Step 2: Draw a vector F1 of magnitude 6.90 units at the origin. To do this, draw a line segment starting from the origin and make it 6.90 units long inclined 55.0° above the positive x-axis.
Step 3: Draw a vector F2 of magnitude 5.00 units in the direction of the positive y-axis.
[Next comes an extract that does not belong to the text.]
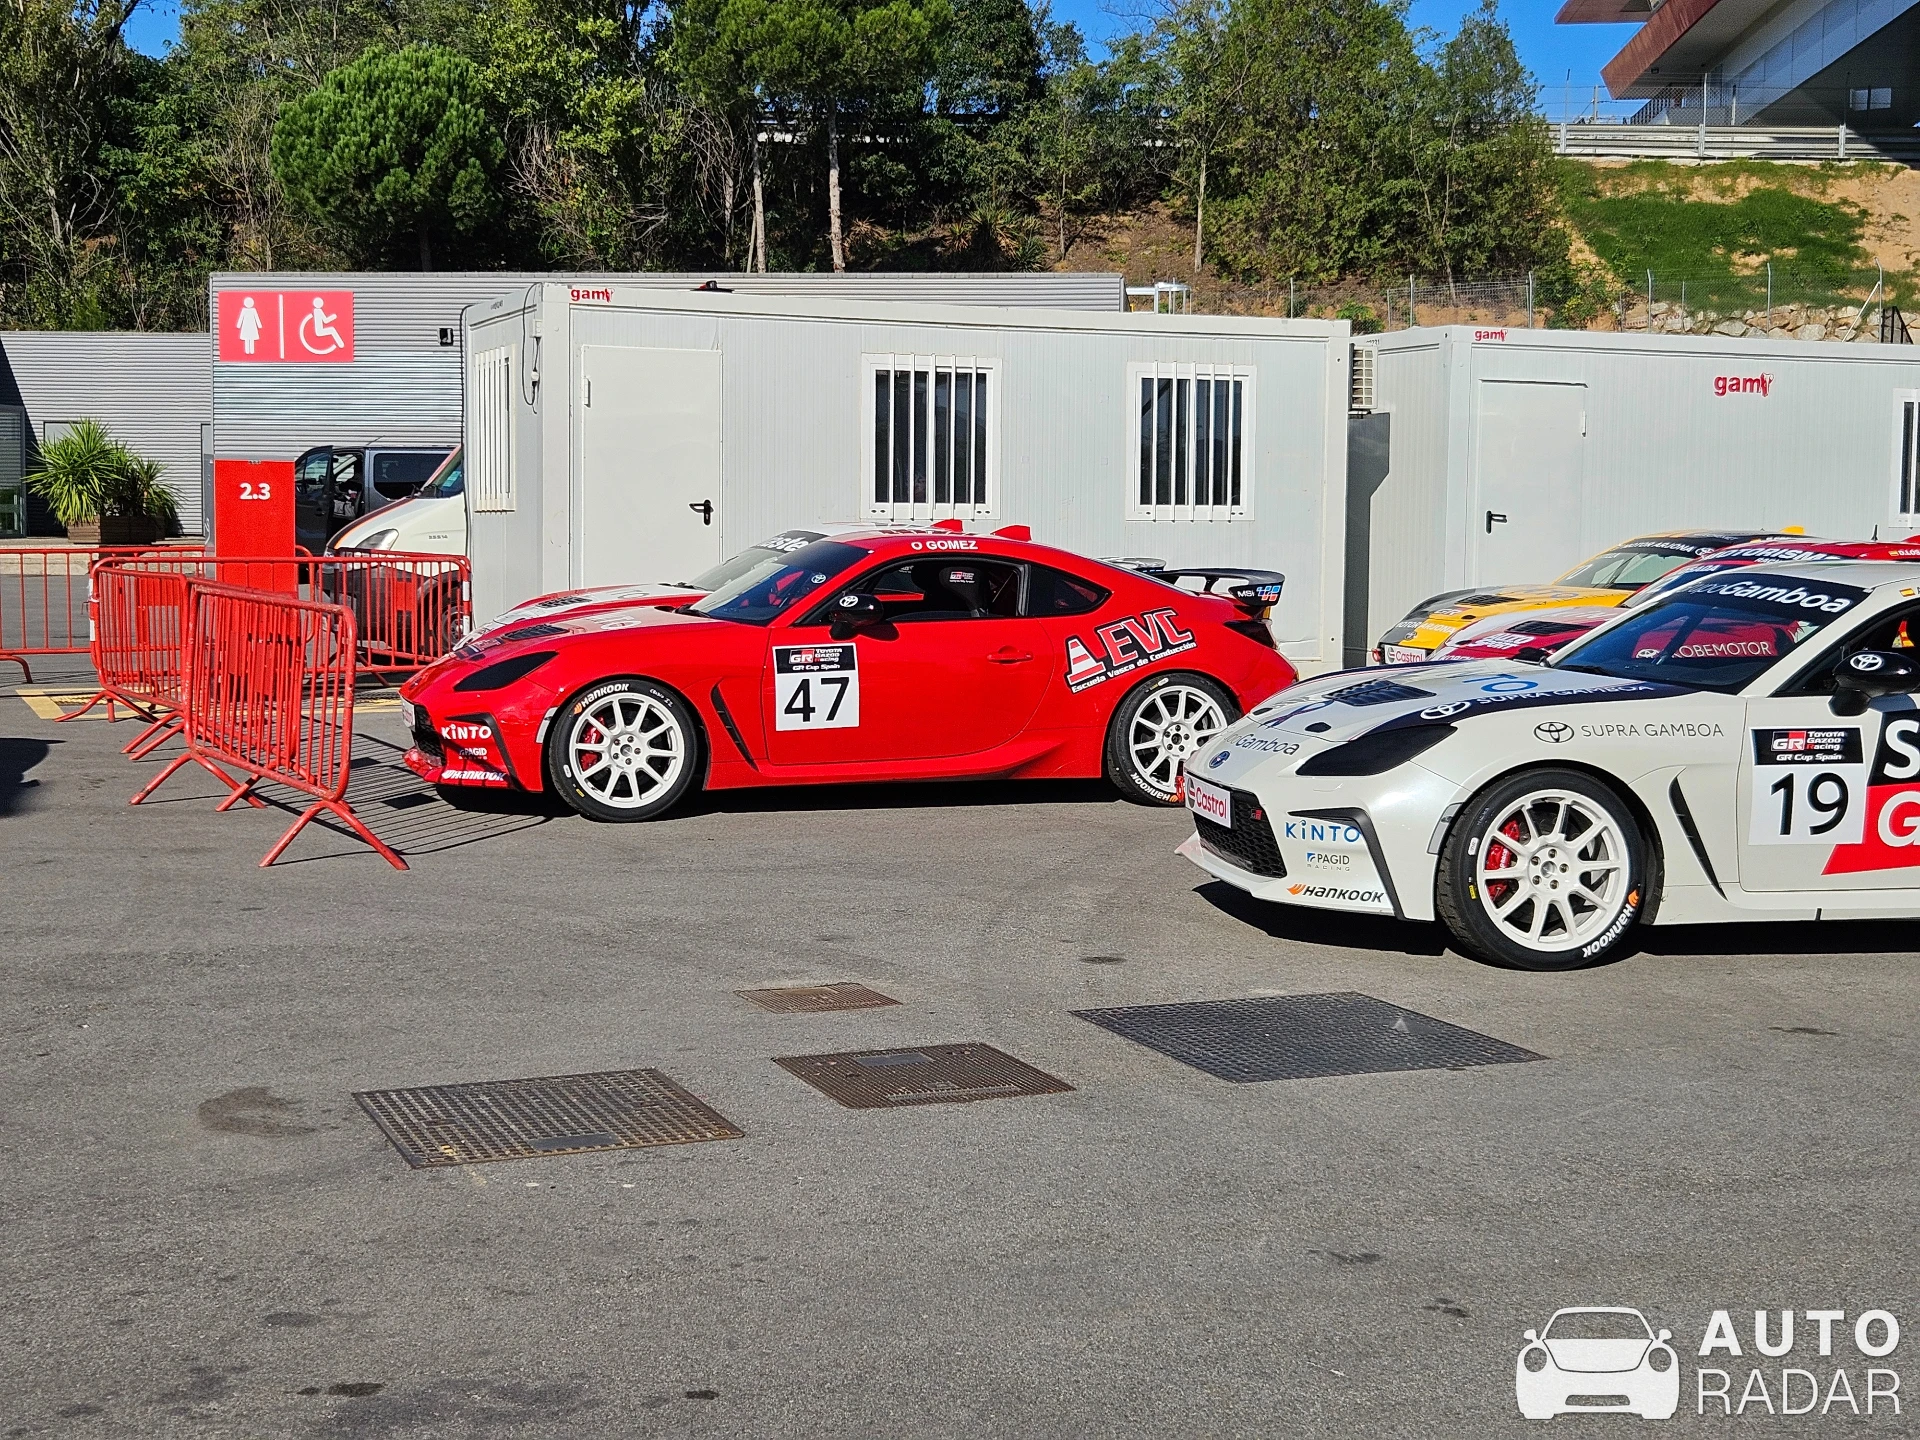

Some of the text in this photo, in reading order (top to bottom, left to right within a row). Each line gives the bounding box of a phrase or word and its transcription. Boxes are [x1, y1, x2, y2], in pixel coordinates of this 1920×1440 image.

To do this, draw a line segment starting from the point where F1 ends (the tip of F1) and make it 5.00 units long going straight up along the y-axis.
Step 4: To find the resultant force F1 + F2, simply connect the tail of the first vector (F1) to the tip of the second vector (F2).
Step 5: Measure the magnitude of the resultant force F1 + F2 by measuring the length of the line segment connecting the tail of F1 to the tip of F2. Write down the magnitude.
Step 6: Measure the direction of the resultant force F1 + F2 by measuring the angle it makes counterclockwise from the positive x-axis. Write down the direction.
That's it! You have found the magnitude and direction of the resultant force F1 + F2.